Chapter Twelve.
Kenneth and Archie.
“Adieu, adieu; my native land
Fades o’er the waters blue;
The night-winds sigh, the breakers roar,
And shrieks the wild sea-mew.
Yon sun that sets upon the sea
We follow in his flight;
Farewell awhile to him and thee,
My native land, good-night.”
Byron.
Scene: Kenneth and Archie still seated in the verandah of the Spaniard’s cottage. The light from the casement window is streaming outwards through the creepers and climbing plants all around them; the beautiful bell-like flowers, down-drooping, touch their very faces. But all the colour up there in the verandah’s roof does not belong to these flowers. No, for birds are sheltering their bright wings from the night dews; that rich orange spot in the corner is a bird, so is that patch of crimson and steel, and yonder one of snow-white and blue. If you looked steadily for a moment at them, you could see round heads turned downwards and wondering beads of eyes. The birds are considering whether or not all is safe, or whether they had better fly away out into the night and the darkness.

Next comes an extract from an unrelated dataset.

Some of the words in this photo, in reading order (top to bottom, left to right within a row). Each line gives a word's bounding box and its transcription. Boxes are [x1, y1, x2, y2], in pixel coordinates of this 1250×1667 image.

Kenneth is waiting for the Señor to come. There is hardly a sound except a gentle sighing of wind among the trees, now and then the shriek of a night bird, the constant chirp of cicada, or rap, rap, rap, of green lizard as he beats to death some unhappy moth he has captured.

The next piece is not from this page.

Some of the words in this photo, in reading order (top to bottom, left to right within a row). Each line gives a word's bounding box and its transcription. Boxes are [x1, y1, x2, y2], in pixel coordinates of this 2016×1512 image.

“Now, Señor, come and sit you down. Light your great pipe. That is right. Thanks, yes, both Archie and I will have a little palm-leaf cigarette. Coffee? Oh! delightful! Archie: old man, there isn’t any one in all the wide world ever made coffee half so well as the Señor Gasco. Flattery, Señor? No, not a bit of it. The truth cannot be flattery.”

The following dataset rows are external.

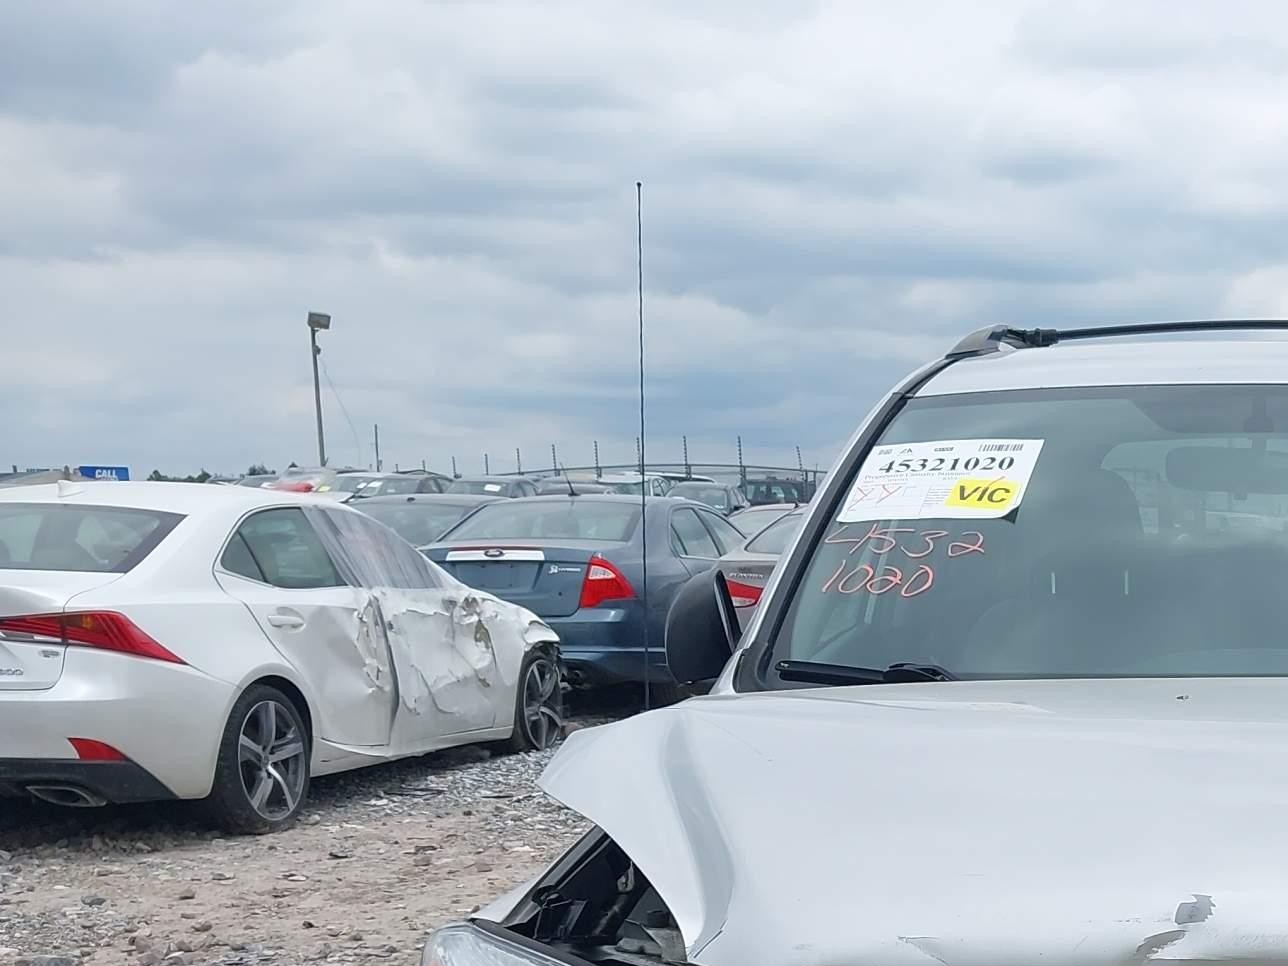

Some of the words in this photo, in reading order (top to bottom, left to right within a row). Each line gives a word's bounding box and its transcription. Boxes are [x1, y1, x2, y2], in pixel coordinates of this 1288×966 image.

[95, 469, 118, 479] CALL
[878, 456, 1015, 475] 45321020
[958, 485, 1011, 504] VIC
[824, 524, 985, 558] 4532
[822, 559, 935, 597] 1020

“The coffee,” said Archie, “is delicious.”
“Heigho!” sighed Kenneth. “I am so happy to-night, dear Archie. I believe it will really do me good to tell you of some of the troubles I have come through; it will dilute my joy.
“I don’t know, Archie, old man, how ever I became a sailor. I’m not quite sure, mind you, that I am altogether a sailor yet at heart, though I dearly love the sea, and a roving life is the life for a man of my temperament. Señor is smiling; he will never admit I am a man. But I have come through so much, and the years I have spent since I left the dear old glen have been indeed eventful, and seem a long, long time.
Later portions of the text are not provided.